So for the next 20 days I followed a high fat low carb diet. At each meal I aimed to eat around 20 grams of fat and less than 10 grams of carbs. Below is an example of what I ate in one day (Table 1). I also had 2 tablespoons of oil with each meal as part of the study.

Table 1: One day food intake:

Breakfast A large handful of mixed nuts with strawberries and blueberries or 2 eggs & sautéed spinach


Lunch Salmon, mixture of spinach and mesclun salad, avocado, sprinkled with pumpkin seeds, and a homemade olive oil based dressing


Dinner Chicken with stir fried broccoli, roasted peppers, topped with toasted almonds.


I have to admit, it did feel strange freely pouring oil onto the pan or a salad. My dietetic instinct came in “what about the calories!!” Each morning I measured my blood glucose and ketone levels. We normally produce ketones after an overnight fast but to get into full ketosis you need to have a ketone level of greater than 0.5 mmol/l, but usually a reading between 1-3 mmol/l works best.1 As you can see from table 2 it took nearly 6 days to get into full ketosis! The first few days were fine but on day three I had a football match and I felt really tired and slower than normal. It’s interesting as at this point my glycogen stores were nearly all used up but I wasn’t fully in ketosis, so no wonder I felt tired! From then on things were good up until day 9 when I had a craving for a chocolate brownie (it was really good too!!). The reason for this craving may be because my blood sugar was only 3.7 mmol/l the day before, and I think this could be down to a lower total calorie intake than normal. The next day I went on a wine tasting tour and as expected I came out of ketosis (ketone level was 0.3 mmol/l). What I found really interesting was that my blood sugar went up a lot after I had some extra CHO post drinking (5.4 and 5.8 mmol/l). I often feel tired for a few days after drinking alcohol and I can now relate this to a physiological response in my body; increased blood sugars!

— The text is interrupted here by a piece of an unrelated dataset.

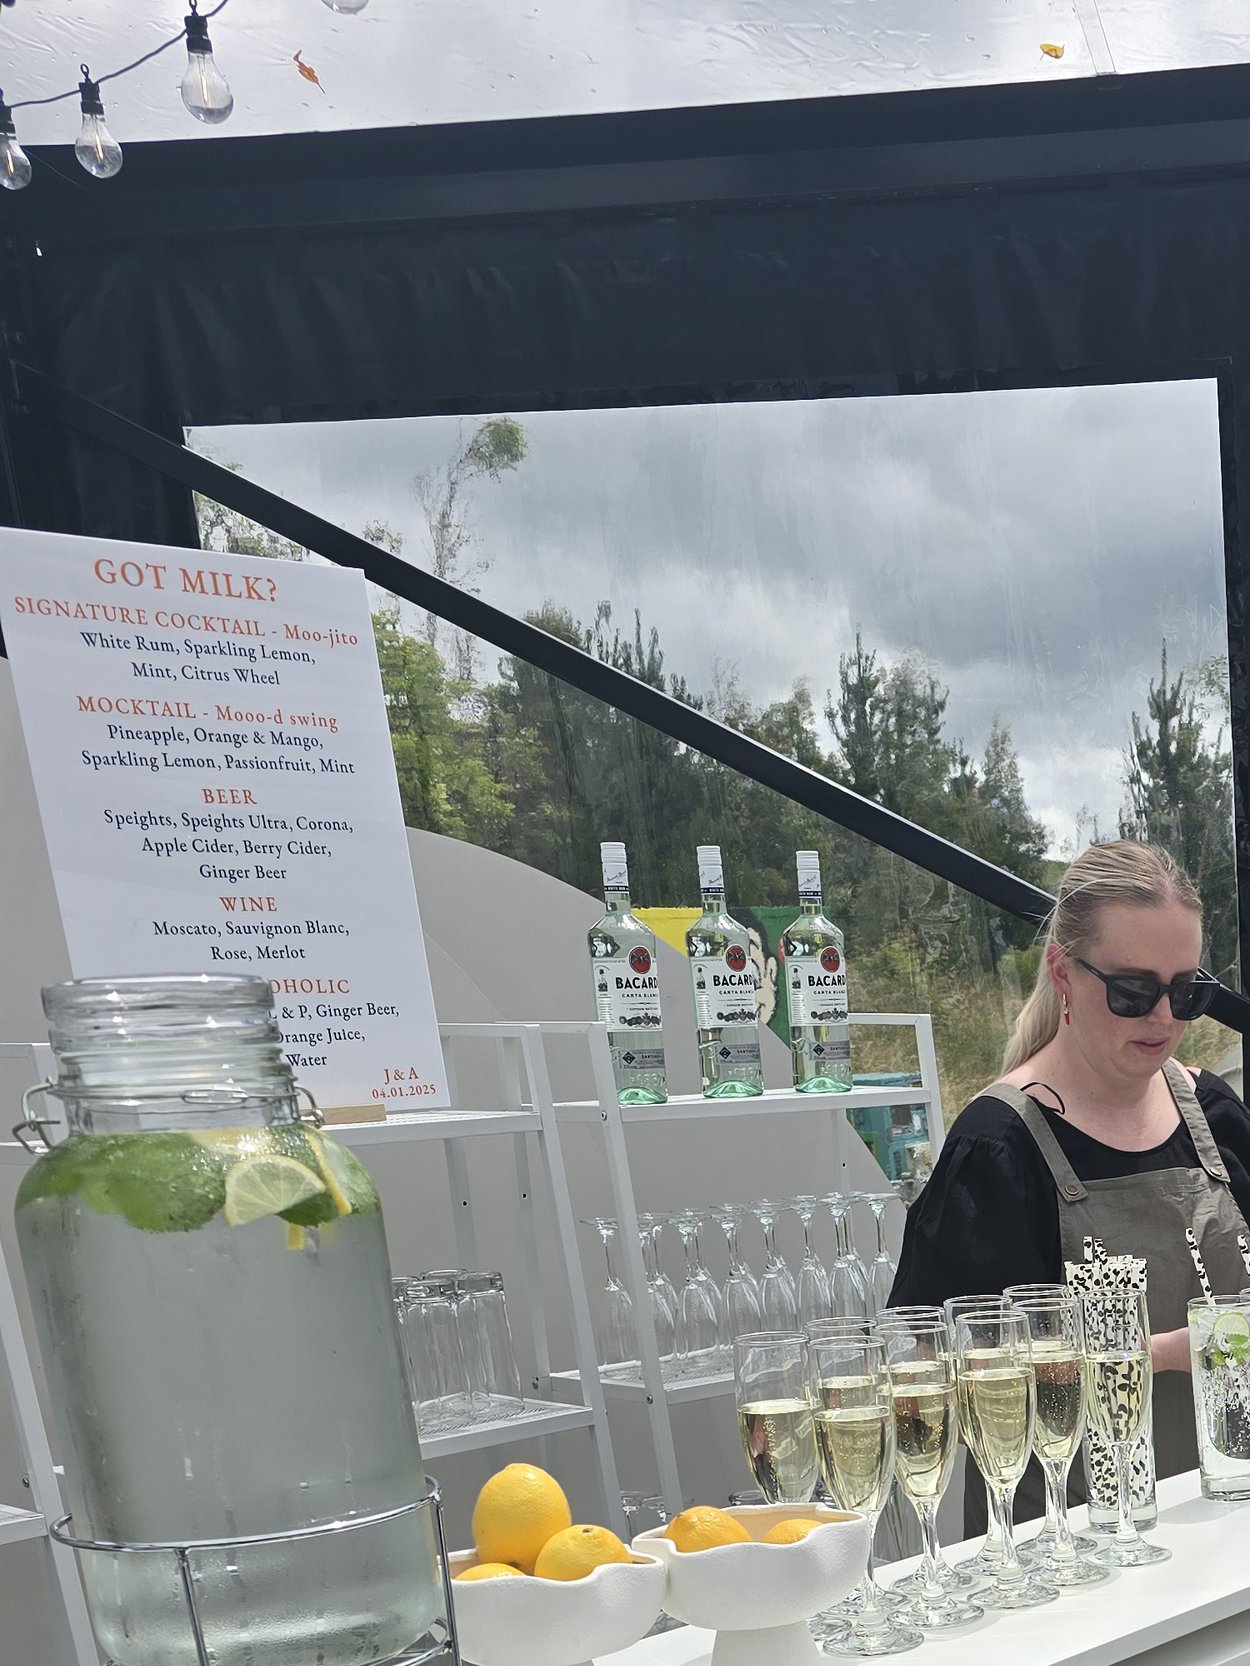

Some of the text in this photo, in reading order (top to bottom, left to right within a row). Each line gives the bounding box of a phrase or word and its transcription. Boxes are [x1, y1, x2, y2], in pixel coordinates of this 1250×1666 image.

Table 2: Daily glucose and ketone levels

Day Glucose




Symptoms over last 24hrs
1 4.5 0.1 All good
2 4.5 0.1 Ok, did 16km hike
3 4.1 0.4 I played a Gaelic match. I felt tired and slow.
4 4.3 0.3 Good
5 4.7 0.8 Good
6 4.1 1.3 Good
7 4.1 1.7 Good
8 3.7 1.7 Good
9 4.1 0.8 I had a chocolate brownie which I was craving!
10 4.8 0.3 I went on a wine tasting tour…!
11 5.4 0.1 I had a match & decided to eat extra carbs as I wasn’t in ketosis and needed energy
12 5.8 0.5 Good just a bit tired
13 5.2 0.3 Good
14 5.1 0.9 Good
15 4.4 2.1 Good
16 4.8 0.6 Good
17 5.1 0.1 Good
18 5.3 0.8 Good
19 4.5 1.6 Good
20 4.5 1.4 Good


My overall view of fat-adaptation

  • I found getting into ketosis relatively easy. I also enjoyed following the diet plan but I think most people may find calculating the right amount of carbs and fat challenging; as a nutritionist and dietitian it is easier for me to gauge the amount of carbs and fat in foods.
  • I was rarely hungry and weight started to come off my stomach which is normally the last place to go if I try to lose weight! I also had excellent concentration levels. You could argue that this is what would happen when you follow an unprocessed healthy diet for a few weeks, and that it is not down to the diet being high in fat and low in carbs. This could be true but the best thing about it is that I didn’t feel hungry!
  • Having the ketometer was great but if someone didn’t have this it may be hard to figure out if you are in ketosis or not, particularly at the start.
  • When I did the study there were lots of low carb fruits in season such as blueberries, strawberries & avocadoes. It can be harder to find fresh low carb fruits in winter.
  • Near the end I had cravings for kumura chips (New Zealand sweet potato) and starchy foods. It was manageable in the short-term but I think it would be extremely difficult to sustain. However, once you are well fat-adapted (around 6 weeks) you can then experiment with adding in more carbs.
  • Overall, I think it was a good experience. I didn’t continue with fat adaptation as I don’t like creating severe restrictions around food. Instead I continue to follow a modified version of the plan with lots of good fats and occasional grains, potatoes and bread. I love experimenting with lower carbs choices i.e. making cauliflower mash, zucchini spaghetti and healthy bliss balls!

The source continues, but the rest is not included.